> **Task description**
For every record below, repeat the text exactly and pass over any image.

> **Referring expression grounding data**
○ ○ ○ ○ ○
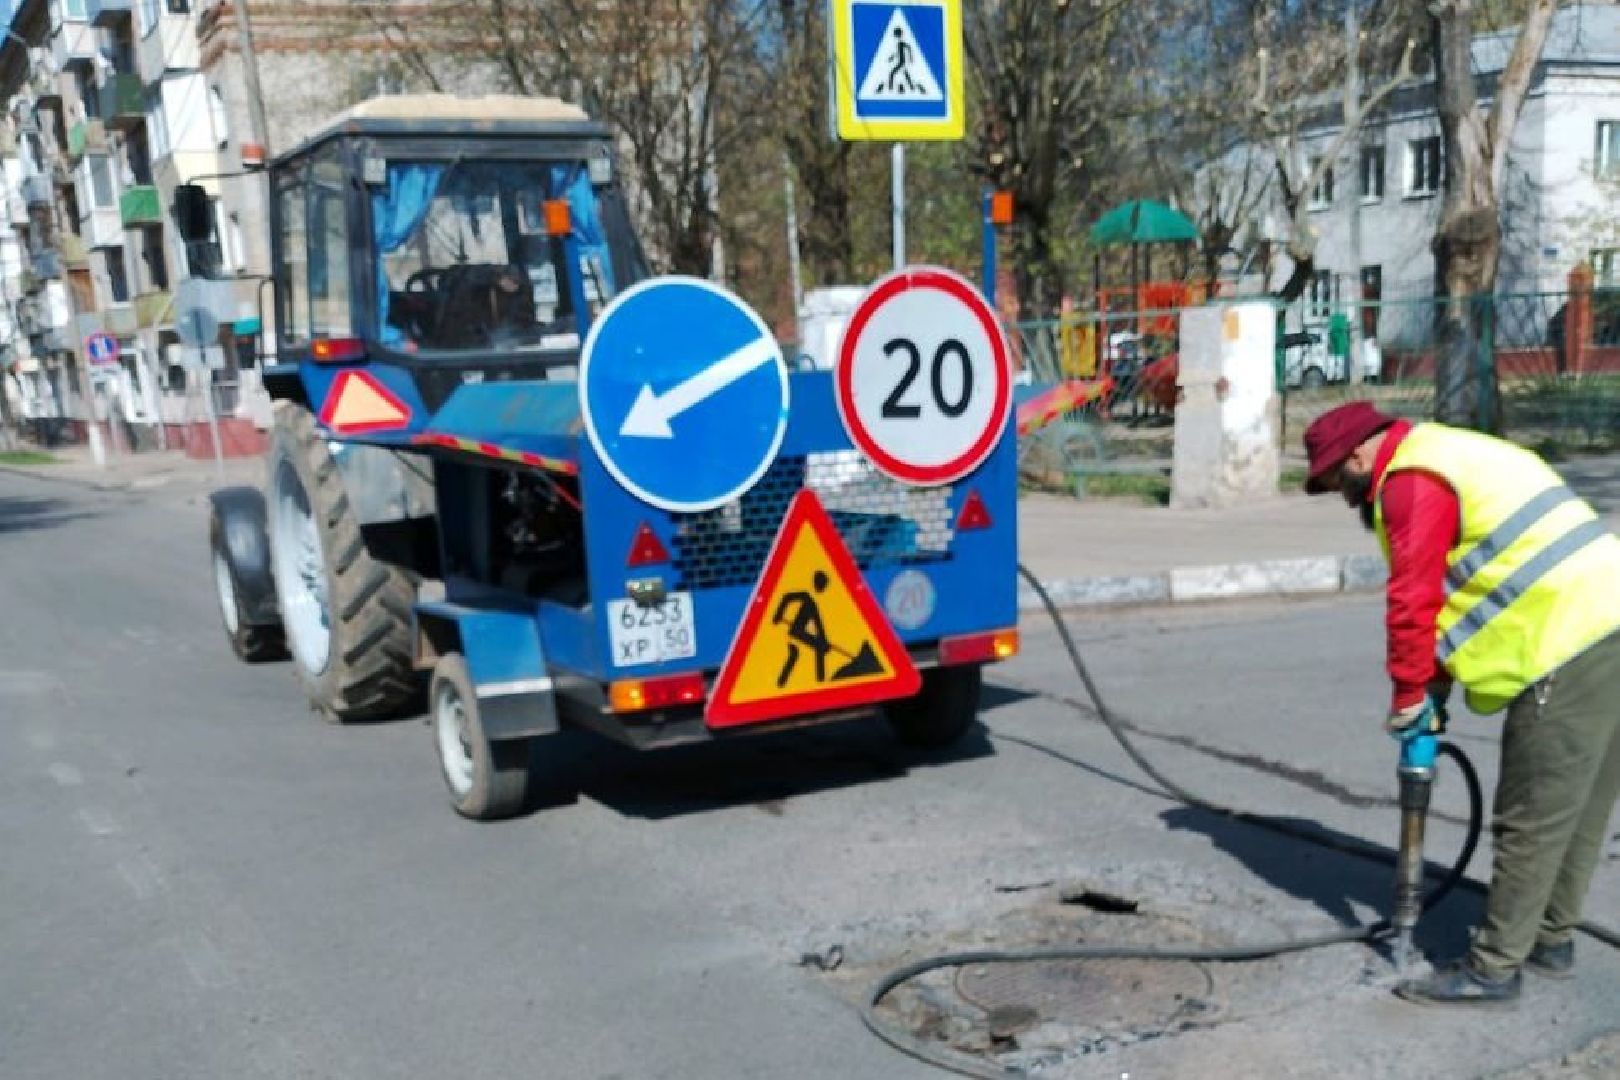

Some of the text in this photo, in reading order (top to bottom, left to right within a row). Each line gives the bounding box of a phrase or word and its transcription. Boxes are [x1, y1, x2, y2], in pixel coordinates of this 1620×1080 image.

[882, 338, 973, 418] 20
[895, 582, 926, 613] 20
[664, 628, 690, 648] 50
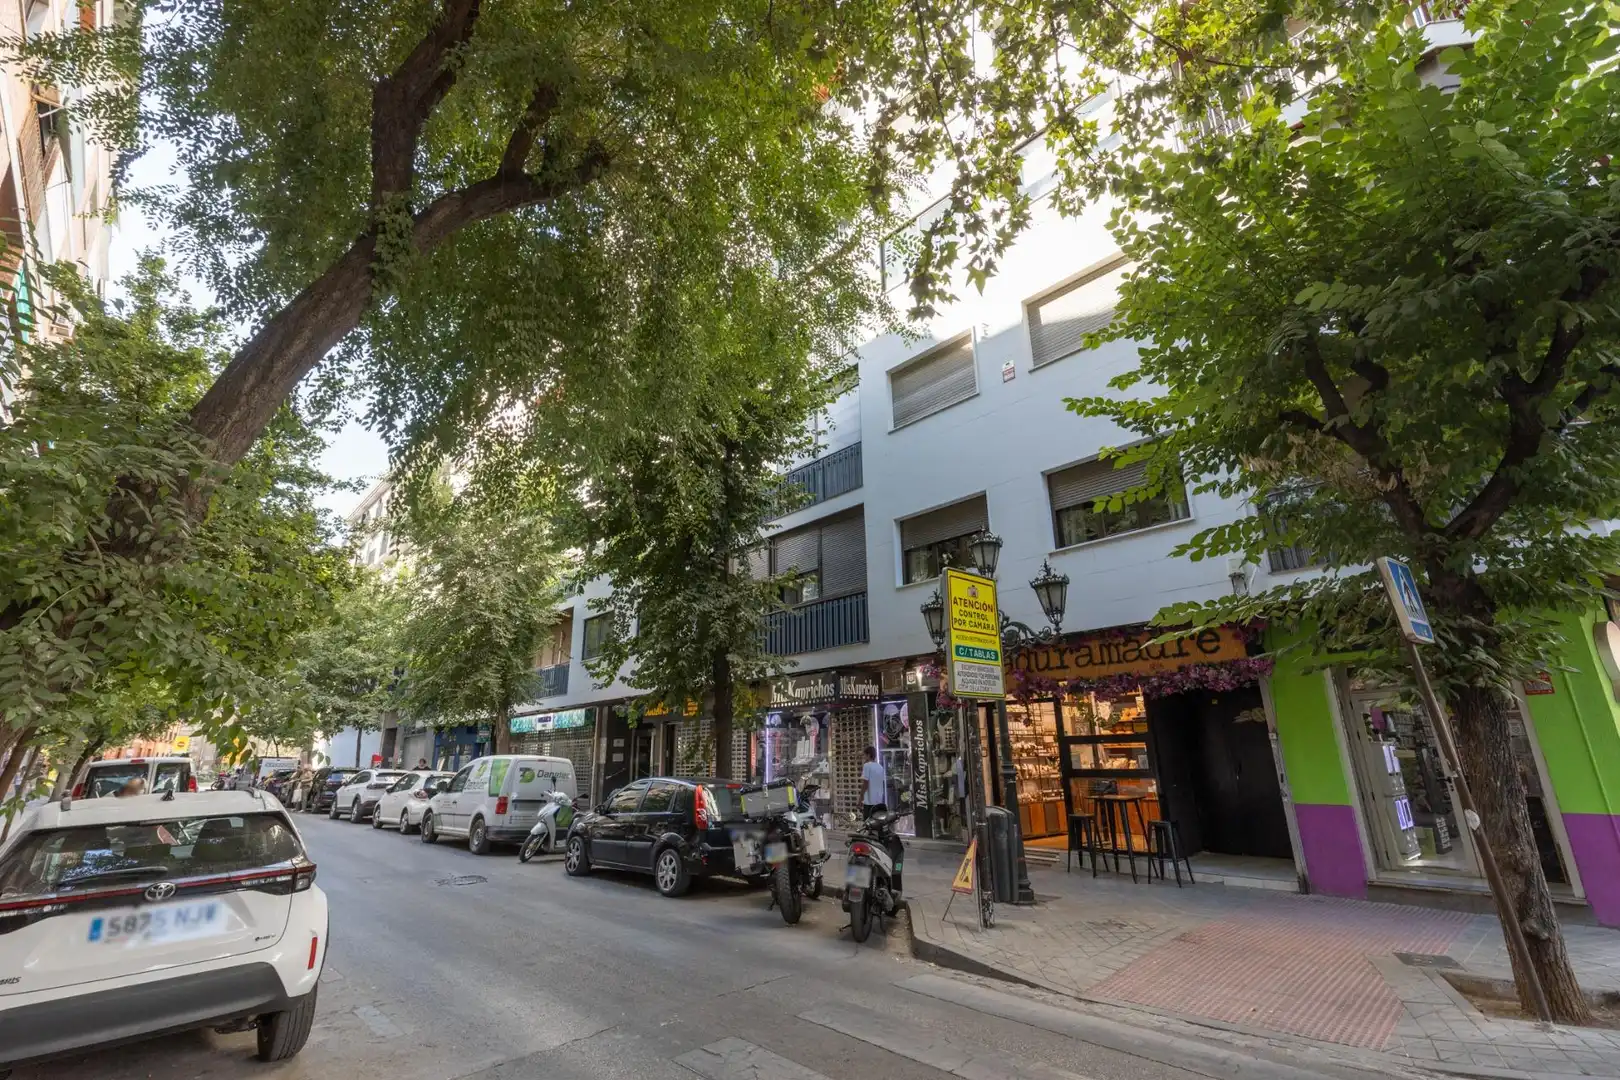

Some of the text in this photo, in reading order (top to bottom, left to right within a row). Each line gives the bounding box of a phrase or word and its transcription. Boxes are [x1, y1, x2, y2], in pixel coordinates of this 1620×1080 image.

[953, 596, 994, 613] ATENCIÓN
[953, 617, 967, 627] POR
[958, 609, 989, 622] CONTROL
○ ○ ○ ○ ○
> **Task answer**
Some of the text in this photo, in reading order (top to bottom, left to right within a row). Each line gives the bounding box of a phrase or word and its transcription. Boxes are [x1, y1, x2, y2], in pixel coordinates of this 1620×1080 image.

[882, 338, 973, 418] 20
[895, 582, 926, 613] 20
[664, 628, 690, 648] 50

Some of the text in this photo, in reading order (top to bottom, left to right within a row). Each line gives the bounding box of a phrase or word and its transcription. Boxes are [x1, y1, x2, y2], in pixel coordinates of this 1620×1080 image.

[953, 596, 994, 613] ATENCIÓN
[953, 617, 967, 627] POR
[958, 609, 989, 622] CONTROL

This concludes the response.